** Source data follows **

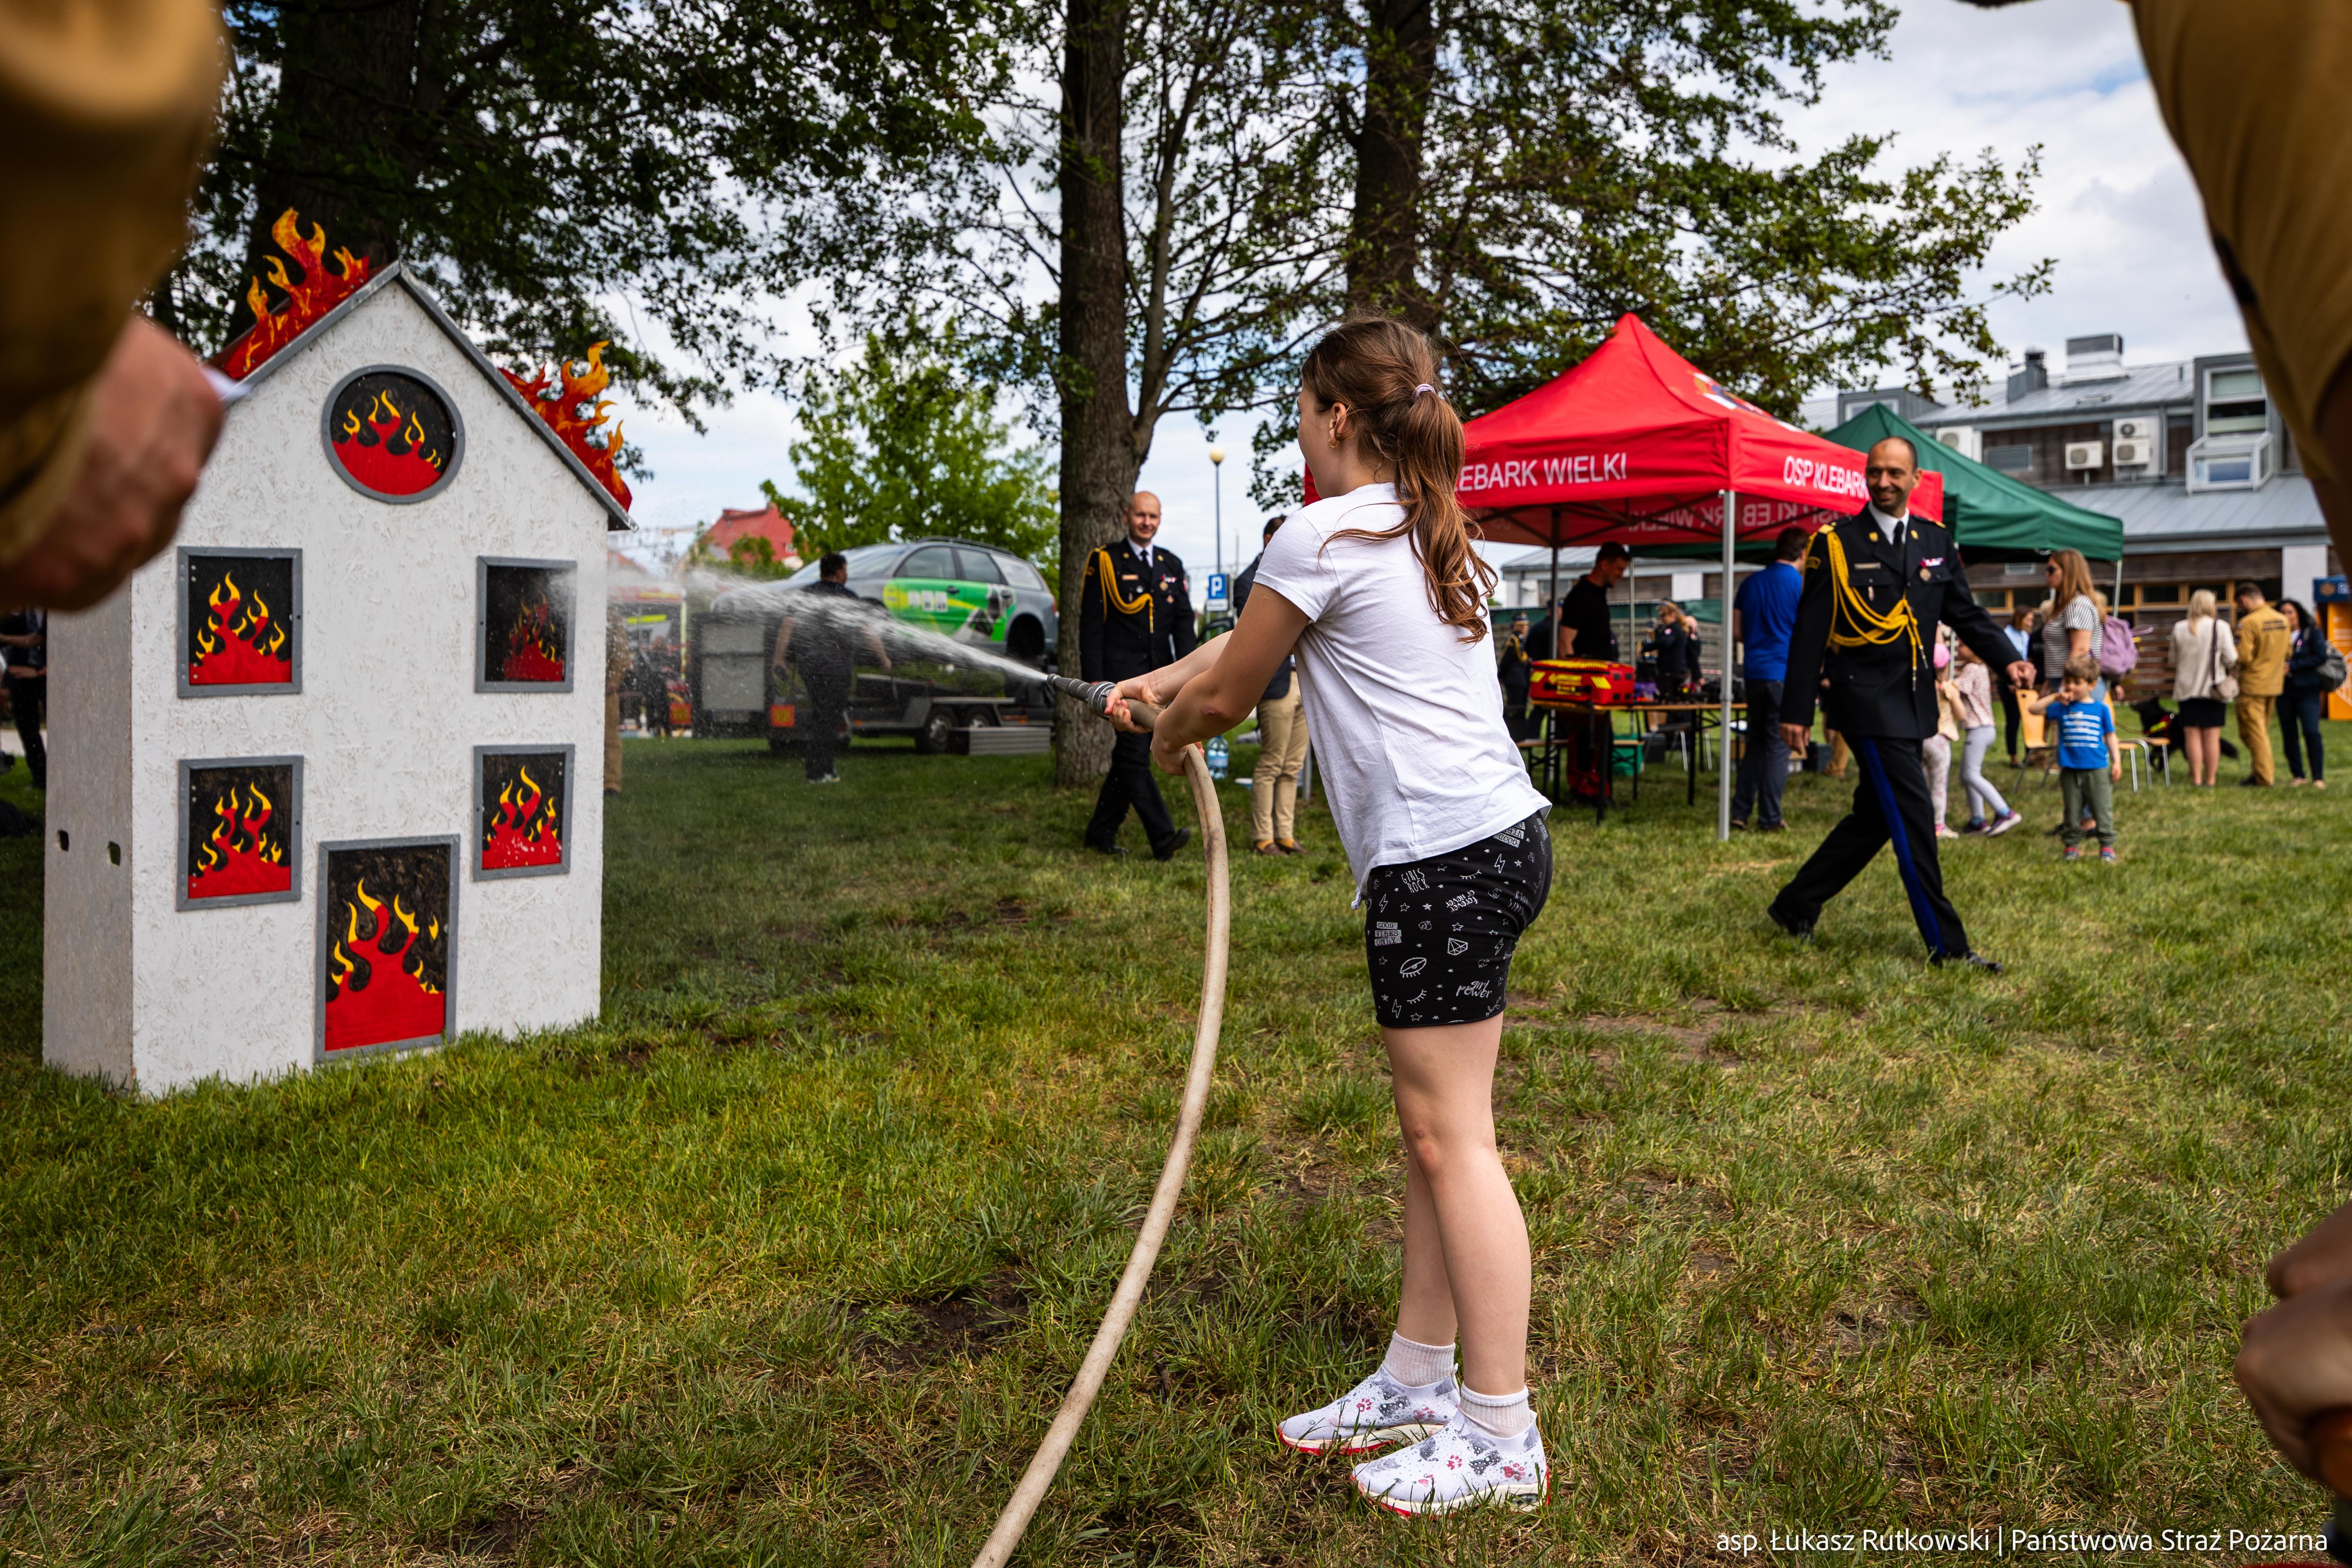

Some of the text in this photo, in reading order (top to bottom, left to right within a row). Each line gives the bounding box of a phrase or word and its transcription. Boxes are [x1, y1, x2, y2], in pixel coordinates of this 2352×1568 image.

[1454, 452, 1627, 492] EBARK WIELKI
[1783, 455, 1813, 487] OSP
[1211, 576, 1222, 597] P
[1401, 868, 1425, 884] GIRLS
[1407, 878, 1430, 893] ROCK
[1445, 894, 1466, 908] never
[1449, 896, 1478, 913] forever
[1375, 937, 1396, 946] ONLY
[1456, 985, 1492, 998] power
[1471, 980, 1490, 991] girl
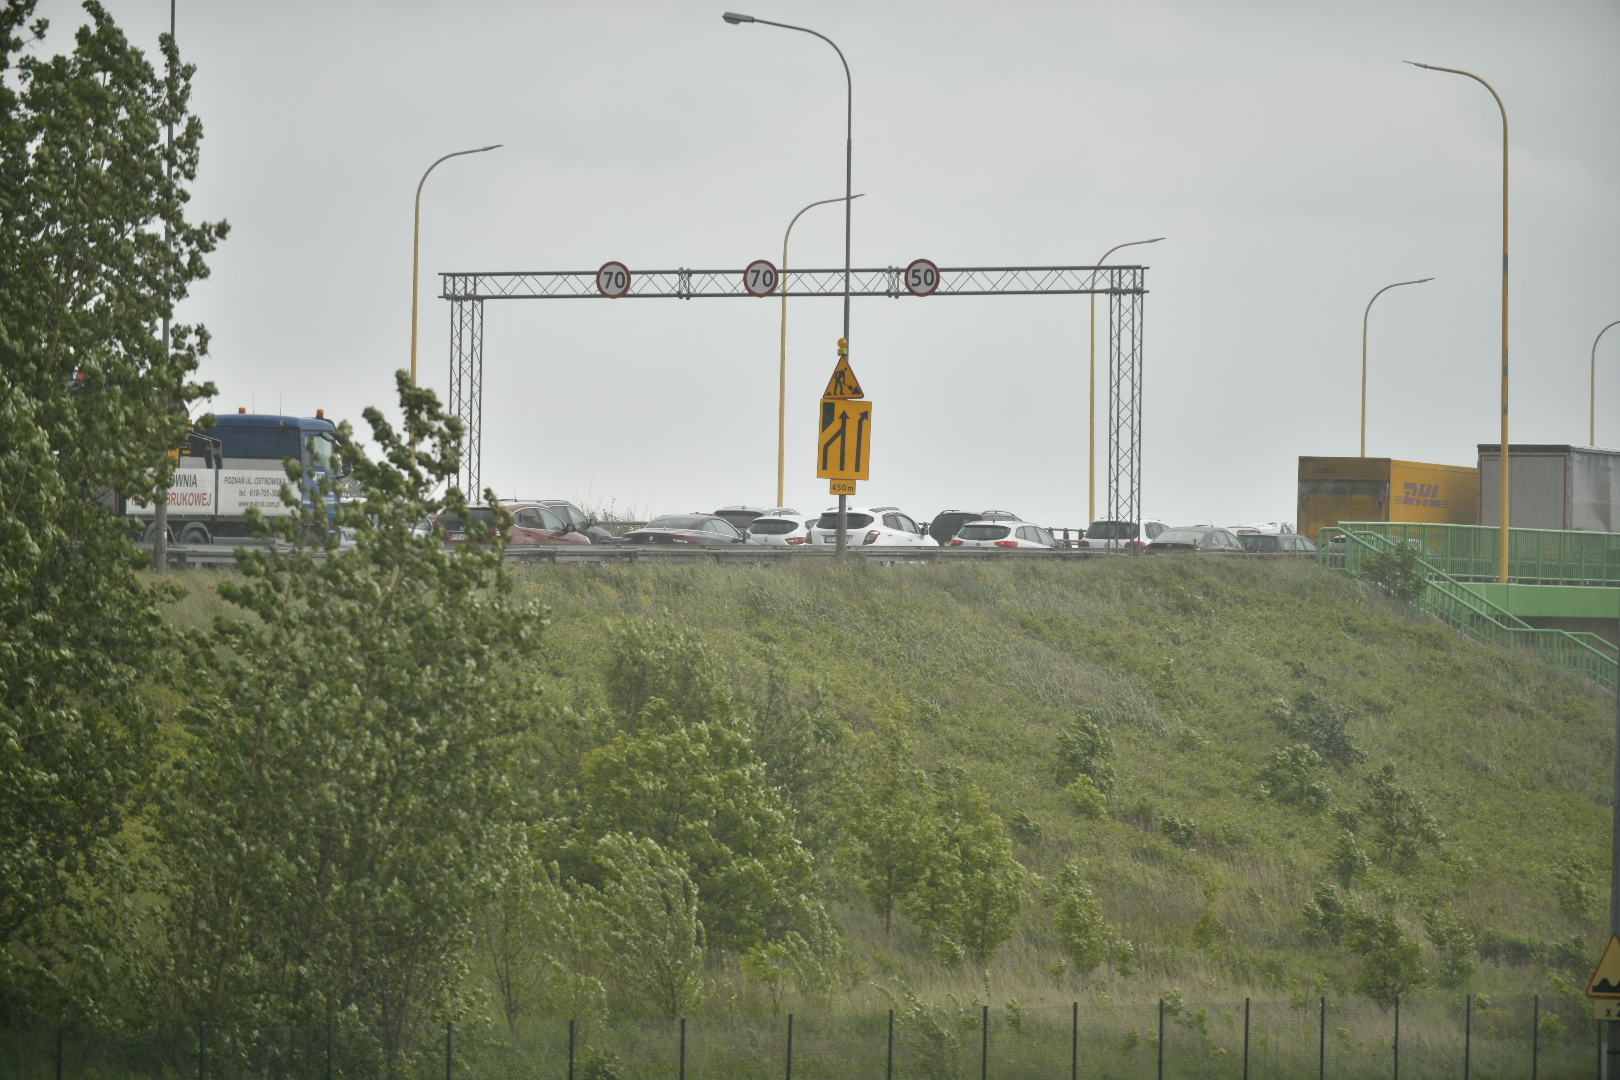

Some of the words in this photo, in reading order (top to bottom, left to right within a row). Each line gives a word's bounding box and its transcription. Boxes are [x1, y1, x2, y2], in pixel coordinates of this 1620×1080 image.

** End of Source data **

Instructions for the task: Copy every record exactly, without the pictures.

Answer to the problem:
Some of the text in this photo, in reading order (top to bottom, left to right within a row). Each line gives the bounding box of a phrase or word and its transcription. Boxes are [x1, y1, x2, y2], in pixel coordinates of this 2352×1568 image.

[1454, 452, 1627, 492] EBARK WIELKI
[1783, 455, 1813, 487] OSP
[1211, 576, 1222, 597] P
[1401, 868, 1425, 884] GIRLS
[1407, 878, 1430, 893] ROCK
[1445, 894, 1466, 908] never
[1449, 896, 1478, 913] forever
[1375, 937, 1396, 946] ONLY
[1456, 985, 1492, 998] power
[1471, 980, 1490, 991] girl

Some of the words in this photo, in reading order (top to bottom, left to right within a row). Each line gives a word's bounding box and its transcription. Boxes are [x1, y1, x2, y2], in pixel coordinates of this 1620×1080 image.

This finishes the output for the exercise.